RED BRICK BUILDS ITSELF UP AS WEB MART SUPPLIER

By CBR Staff Writer

Red Brick likes to make life simple for its users and has always specialized in the provision of the data store proper, plus all of the tools needed for loading in and managing data, as well as querying the database. But the company has never provided tools for end-user access or conventional data analysis – let alone for web site analysis. So last month’s $11.5m acquisition of two tools and 24 support staff from little known Engage Technologies Inc (CI No 3,238) broke new ground for the specialist database management company in that it provides it with a query and analysis product (Engage Discover) and a data extraction tool (Engage Fusion), which will now offer users the ability to create a web mart. Last year, the company was planning to develop a warehouse for web toolkit, to enable the Red Brick user base to access warehouse information using standard web browsers. Allied to this initiative, this purchase appears to provide Red Brick with a kick-start to developing systems for users wanting to generate very large web marts. Both Engage products have been designed specifically to collect and manage the large quantities of data that can be generated by web sites. So using the products, a company would, in theory, be able to pass log and registration information from its web server(s) to an off-line Red Brick processing engine for integration and transformation into functional data sets or profiles. These could build a targeted database for driving interactive web applications, or a decision support database for ad hoc queries or analysis. Prior to its Engage purchase, Red Brick’s eponymous product did not have all the capabilities needed for a full data mart implementation. The company has already integrated data mining technology from the California-based software vendor, DataMind Inc with the product and, with the acquisition of Fusion and Discover, Red Brick looks to be promising a cohesive set of web mart tools that could be tightly integrated with future generations of its database product.

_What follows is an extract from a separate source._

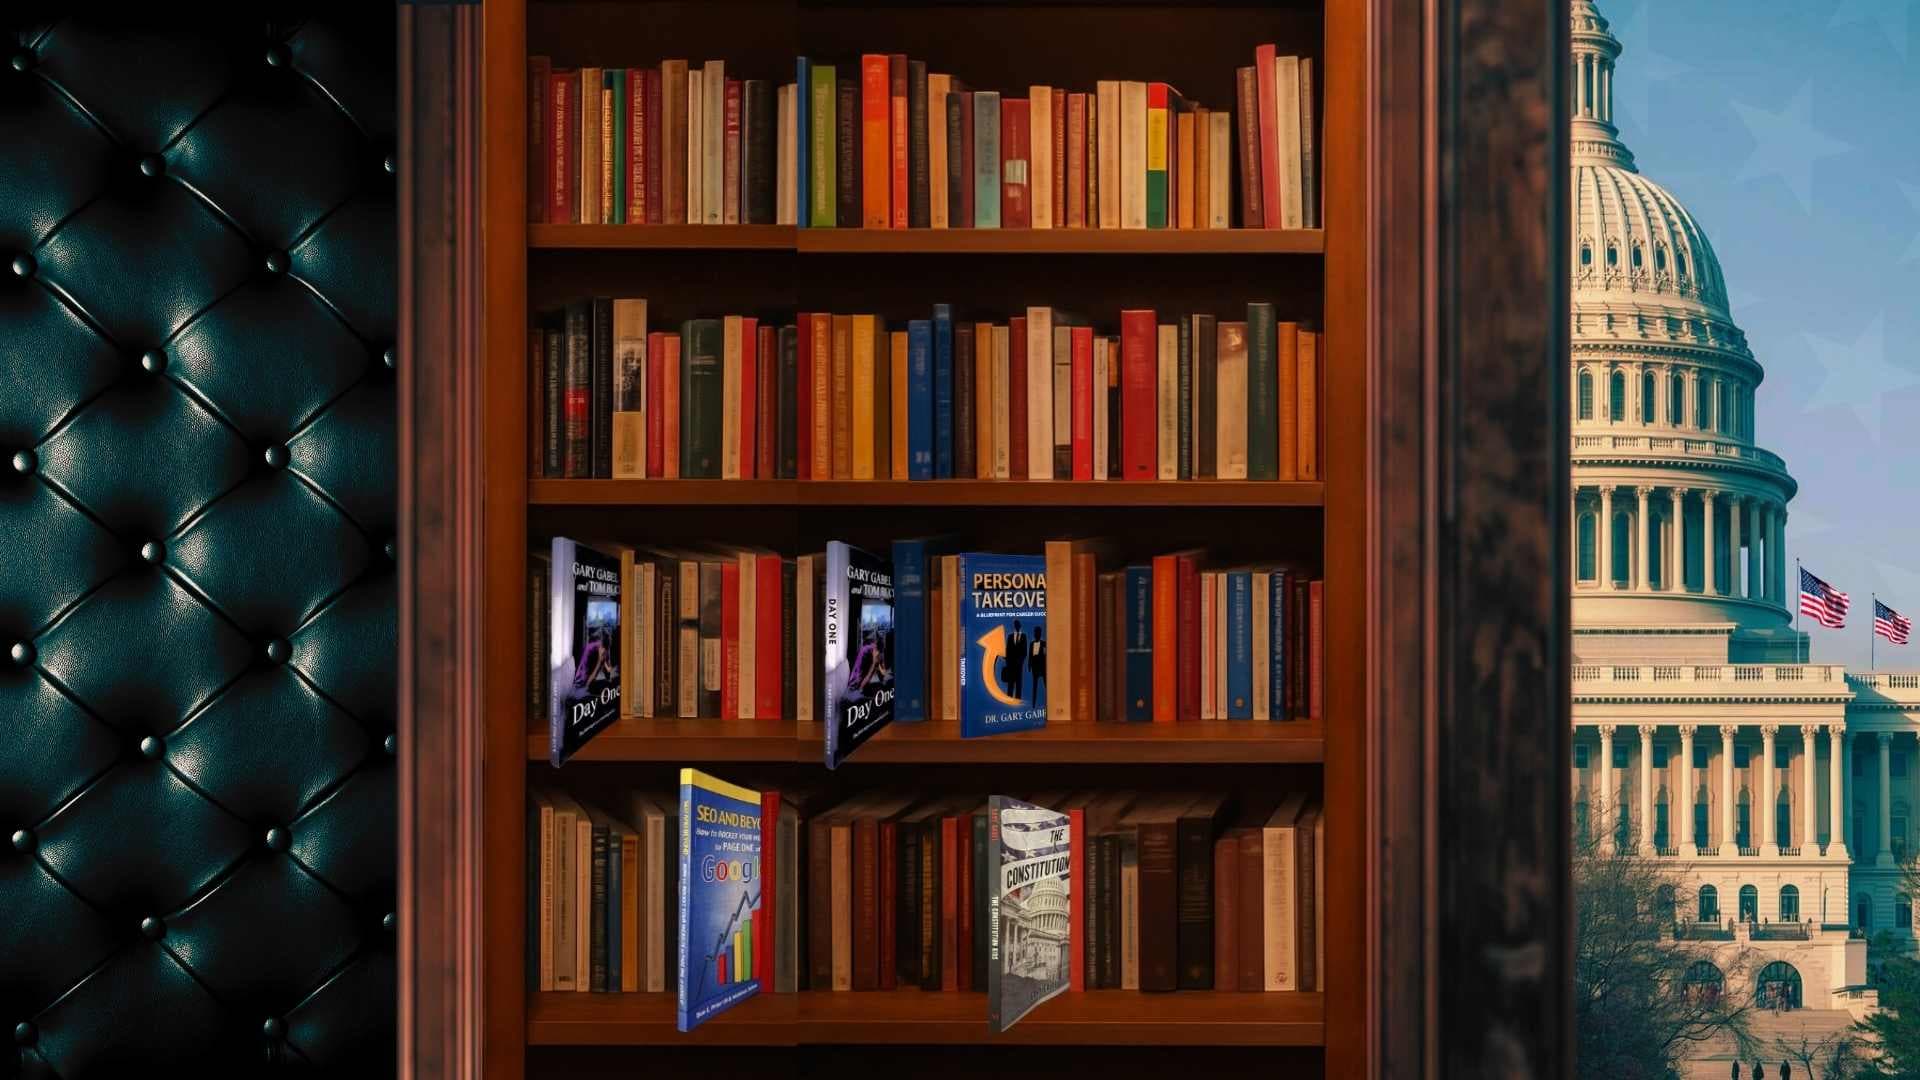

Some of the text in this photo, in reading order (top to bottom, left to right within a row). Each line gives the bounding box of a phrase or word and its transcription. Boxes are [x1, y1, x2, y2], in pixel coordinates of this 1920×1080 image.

Red Brick is actually no more than a specialist database vendor.

Upwards growth curve

Despite its data mart focus, the company’s main product is still without a full set of end-user tools and the company is reliant on a partnership policy to provide users with integrated warehousing tools. Long-standing partners include Arbor Software Inc, BMC Software Inc, Blyth Software Inc Brio Technology Inc, Business Objects SA and Prism Solutions Inc. Red Brick is promising to integrate Fusion with the current version (5) of the Red Brick Warehouse, by the close of the first quarter of 1998. But the task may not be straightforward. Problems arise in that the metadata repository in Red Brick recognizes relational data whereas for metadata storage, sharing, and management, Fusion and Discover use an object database known as ObjectStore from Object Design Inc. It is crucially important that the metadata generated by the extraction tools and the database engine itself are compatible. And though Red Brick claims many of its customers eagerly await the product, they should be skeptical about whether the company will be able to deliver the schema-level integration which it is talking up. Red Brick’s stock has been buoyed by the Engage Technologies deal, and this, combined with the first profitable quarter the company has had since the fourth quarter of 1996, has meant its share price is now firmly on an upward growth curve. However, Red Brick’s poor sales and marketing track record has cast doubts over the company’s ability to sell the acquired Engage products – something the company is sensitive to, announcing it is to increase its sales and marketing spend from $3.5m to $7.3m. The company has said that it intends to target the Red Brick solution – encompassing the warehouse and acquired front and back-end tools – at certain vertical markets including retail, health care, financial services and telecommunications. But can Red Brick afford to rely on targeting its products at specific verticals to build itself a lucrative niche? Rumors still abound that the company is ripe for acquisition – with NCR the most likely purchaser.